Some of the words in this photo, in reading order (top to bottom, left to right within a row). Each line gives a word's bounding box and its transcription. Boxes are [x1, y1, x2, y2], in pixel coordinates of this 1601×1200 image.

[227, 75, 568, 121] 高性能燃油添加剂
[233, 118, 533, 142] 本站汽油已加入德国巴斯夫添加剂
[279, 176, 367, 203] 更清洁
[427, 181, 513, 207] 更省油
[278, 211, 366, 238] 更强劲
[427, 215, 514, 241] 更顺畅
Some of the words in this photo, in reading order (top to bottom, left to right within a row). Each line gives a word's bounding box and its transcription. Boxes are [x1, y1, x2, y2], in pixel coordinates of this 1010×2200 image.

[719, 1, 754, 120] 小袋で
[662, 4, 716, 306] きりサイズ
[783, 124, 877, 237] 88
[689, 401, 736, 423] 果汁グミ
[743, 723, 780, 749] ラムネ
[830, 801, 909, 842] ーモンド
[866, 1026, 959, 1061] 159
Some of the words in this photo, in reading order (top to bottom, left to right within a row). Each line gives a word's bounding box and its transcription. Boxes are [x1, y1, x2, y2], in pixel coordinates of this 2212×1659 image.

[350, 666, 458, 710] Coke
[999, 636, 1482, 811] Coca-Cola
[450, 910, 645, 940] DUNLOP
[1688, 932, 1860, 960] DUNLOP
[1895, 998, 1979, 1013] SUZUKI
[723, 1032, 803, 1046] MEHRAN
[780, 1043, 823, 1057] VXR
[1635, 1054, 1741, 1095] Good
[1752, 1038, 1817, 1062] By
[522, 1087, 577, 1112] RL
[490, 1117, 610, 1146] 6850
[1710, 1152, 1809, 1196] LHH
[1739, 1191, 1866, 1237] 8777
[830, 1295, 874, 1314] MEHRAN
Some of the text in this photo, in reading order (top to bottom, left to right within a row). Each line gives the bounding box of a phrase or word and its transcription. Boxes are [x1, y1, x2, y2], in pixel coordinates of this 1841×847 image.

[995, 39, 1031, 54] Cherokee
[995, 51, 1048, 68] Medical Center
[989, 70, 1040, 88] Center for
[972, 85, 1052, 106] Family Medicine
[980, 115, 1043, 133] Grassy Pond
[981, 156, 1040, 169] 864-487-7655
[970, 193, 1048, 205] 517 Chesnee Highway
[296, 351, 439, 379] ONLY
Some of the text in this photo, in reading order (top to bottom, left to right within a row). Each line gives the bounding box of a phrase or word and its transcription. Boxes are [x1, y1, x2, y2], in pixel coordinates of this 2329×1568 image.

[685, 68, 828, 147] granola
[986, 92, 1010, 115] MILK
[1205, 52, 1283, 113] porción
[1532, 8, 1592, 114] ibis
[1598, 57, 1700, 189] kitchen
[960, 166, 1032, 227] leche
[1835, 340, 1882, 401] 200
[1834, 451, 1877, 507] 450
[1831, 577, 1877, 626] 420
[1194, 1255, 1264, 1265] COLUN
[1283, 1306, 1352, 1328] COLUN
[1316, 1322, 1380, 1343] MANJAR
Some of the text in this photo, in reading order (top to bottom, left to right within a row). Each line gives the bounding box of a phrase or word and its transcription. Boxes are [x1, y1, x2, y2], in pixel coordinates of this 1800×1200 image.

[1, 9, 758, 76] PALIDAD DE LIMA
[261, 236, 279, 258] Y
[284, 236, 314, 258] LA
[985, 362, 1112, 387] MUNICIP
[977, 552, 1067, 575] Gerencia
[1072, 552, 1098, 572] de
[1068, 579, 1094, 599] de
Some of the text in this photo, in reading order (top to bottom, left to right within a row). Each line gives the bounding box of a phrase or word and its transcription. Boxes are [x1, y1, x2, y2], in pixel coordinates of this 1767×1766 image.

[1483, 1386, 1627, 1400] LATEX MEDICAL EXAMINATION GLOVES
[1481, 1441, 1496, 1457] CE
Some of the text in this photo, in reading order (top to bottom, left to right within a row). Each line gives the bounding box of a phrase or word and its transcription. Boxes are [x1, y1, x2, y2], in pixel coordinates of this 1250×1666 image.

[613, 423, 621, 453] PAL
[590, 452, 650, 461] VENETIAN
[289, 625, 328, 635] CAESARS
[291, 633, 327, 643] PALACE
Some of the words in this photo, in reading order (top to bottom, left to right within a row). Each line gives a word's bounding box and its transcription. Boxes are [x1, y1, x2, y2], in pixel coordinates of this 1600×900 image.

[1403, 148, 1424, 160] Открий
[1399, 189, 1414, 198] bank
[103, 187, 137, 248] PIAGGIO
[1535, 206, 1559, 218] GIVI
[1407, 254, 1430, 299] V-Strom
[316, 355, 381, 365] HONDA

--*--

WHAT THE TASK REQUIRES
Repeat the entire listing above, keeping every line exactly the same.

ANSWER SECTION
Some of the words in this photo, in reading order (top to bottom, left to right within a row). Each line gives a word's bounding box and its transcription. Boxes are [x1, y1, x2, y2], in pixel coordinates of this 1601×1200 image.

[227, 75, 568, 121] 高性能燃油添加剂
[233, 118, 533, 142] 本站汽油已加入德国巴斯夫添加剂
[279, 176, 367, 203] 更清洁
[427, 181, 513, 207] 更省油
[278, 211, 366, 238] 更强劲
[427, 215, 514, 241] 更顺畅
Some of the words in this photo, in reading order (top to bottom, left to right within a row). Each line gives a word's bounding box and its transcription. Boxes are [x1, y1, x2, y2], in pixel coordinates of this 1010×2200 image.

[719, 1, 754, 120] 小袋で
[662, 4, 716, 306] きりサイズ
[783, 124, 877, 237] 88
[689, 401, 736, 423] 果汁グミ
[743, 723, 780, 749] ラムネ
[830, 801, 909, 842] ーモンド
[866, 1026, 959, 1061] 159
Some of the words in this photo, in reading order (top to bottom, left to right within a row). Each line gives a word's bounding box and its transcription. Boxes are [x1, y1, x2, y2], in pixel coordinates of this 2212×1659 image.

[350, 666, 458, 710] Coke
[999, 636, 1482, 811] Coca-Cola
[450, 910, 645, 940] DUNLOP
[1688, 932, 1860, 960] DUNLOP
[1895, 998, 1979, 1013] SUZUKI
[723, 1032, 803, 1046] MEHRAN
[780, 1043, 823, 1057] VXR
[1635, 1054, 1741, 1095] Good
[1752, 1038, 1817, 1062] By
[522, 1087, 577, 1112] RL
[490, 1117, 610, 1146] 6850
[1710, 1152, 1809, 1196] LHH
[1739, 1191, 1866, 1237] 8777
[830, 1295, 874, 1314] MEHRAN
Some of the text in this photo, in reading order (top to bottom, left to right within a row). Each line gives the bounding box of a phrase or word and its transcription. Boxes are [x1, y1, x2, y2], in pixel coordinates of this 1841×847 image.

[995, 39, 1031, 54] Cherokee
[995, 51, 1048, 68] Medical Center
[989, 70, 1040, 88] Center for
[972, 85, 1052, 106] Family Medicine
[980, 115, 1043, 133] Grassy Pond
[981, 156, 1040, 169] 864-487-7655
[970, 193, 1048, 205] 517 Chesnee Highway
[296, 351, 439, 379] ONLY
Some of the text in this photo, in reading order (top to bottom, left to right within a row). Each line gives the bounding box of a phrase or word and its transcription. Boxes are [x1, y1, x2, y2], in pixel coordinates of this 2329×1568 image.

[685, 68, 828, 147] granola
[986, 92, 1010, 115] MILK
[1205, 52, 1283, 113] porción
[1532, 8, 1592, 114] ibis
[1598, 57, 1700, 189] kitchen
[960, 166, 1032, 227] leche
[1835, 340, 1882, 401] 200
[1834, 451, 1877, 507] 450
[1831, 577, 1877, 626] 420
[1194, 1255, 1264, 1265] COLUN
[1283, 1306, 1352, 1328] COLUN
[1316, 1322, 1380, 1343] MANJAR
Some of the text in this photo, in reading order (top to bottom, left to right within a row). Each line gives the bounding box of a phrase or word and its transcription. Boxes are [x1, y1, x2, y2], in pixel coordinates of this 1800×1200 image.

[1, 9, 758, 76] PALIDAD DE LIMA
[261, 236, 279, 258] Y
[284, 236, 314, 258] LA
[985, 362, 1112, 387] MUNICIP
[977, 552, 1067, 575] Gerencia
[1072, 552, 1098, 572] de
[1068, 579, 1094, 599] de
Some of the text in this photo, in reading order (top to bottom, left to right within a row). Each line gives the bounding box of a phrase or word and its transcription. Boxes are [x1, y1, x2, y2], in pixel coordinates of this 1767×1766 image.

[1483, 1386, 1627, 1400] LATEX MEDICAL EXAMINATION GLOVES
[1481, 1441, 1496, 1457] CE
Some of the text in this photo, in reading order (top to bottom, left to right within a row). Each line gives the bounding box of a phrase or word and its transcription. Boxes are [x1, y1, x2, y2], in pixel coordinates of this 1250×1666 image.

[613, 423, 621, 453] PAL
[590, 452, 650, 461] VENETIAN
[289, 625, 328, 635] CAESARS
[291, 633, 327, 643] PALACE
Some of the words in this photo, in reading order (top to bottom, left to right within a row). Each line gives a word's bounding box and its transcription. Boxes are [x1, y1, x2, y2], in pixel coordinates of this 1600×900 image.

[1403, 148, 1424, 160] Открий
[1399, 189, 1414, 198] bank
[103, 187, 137, 248] PIAGGIO
[1535, 206, 1559, 218] GIVI
[1407, 254, 1430, 299] V-Strom
[316, 355, 381, 365] HONDA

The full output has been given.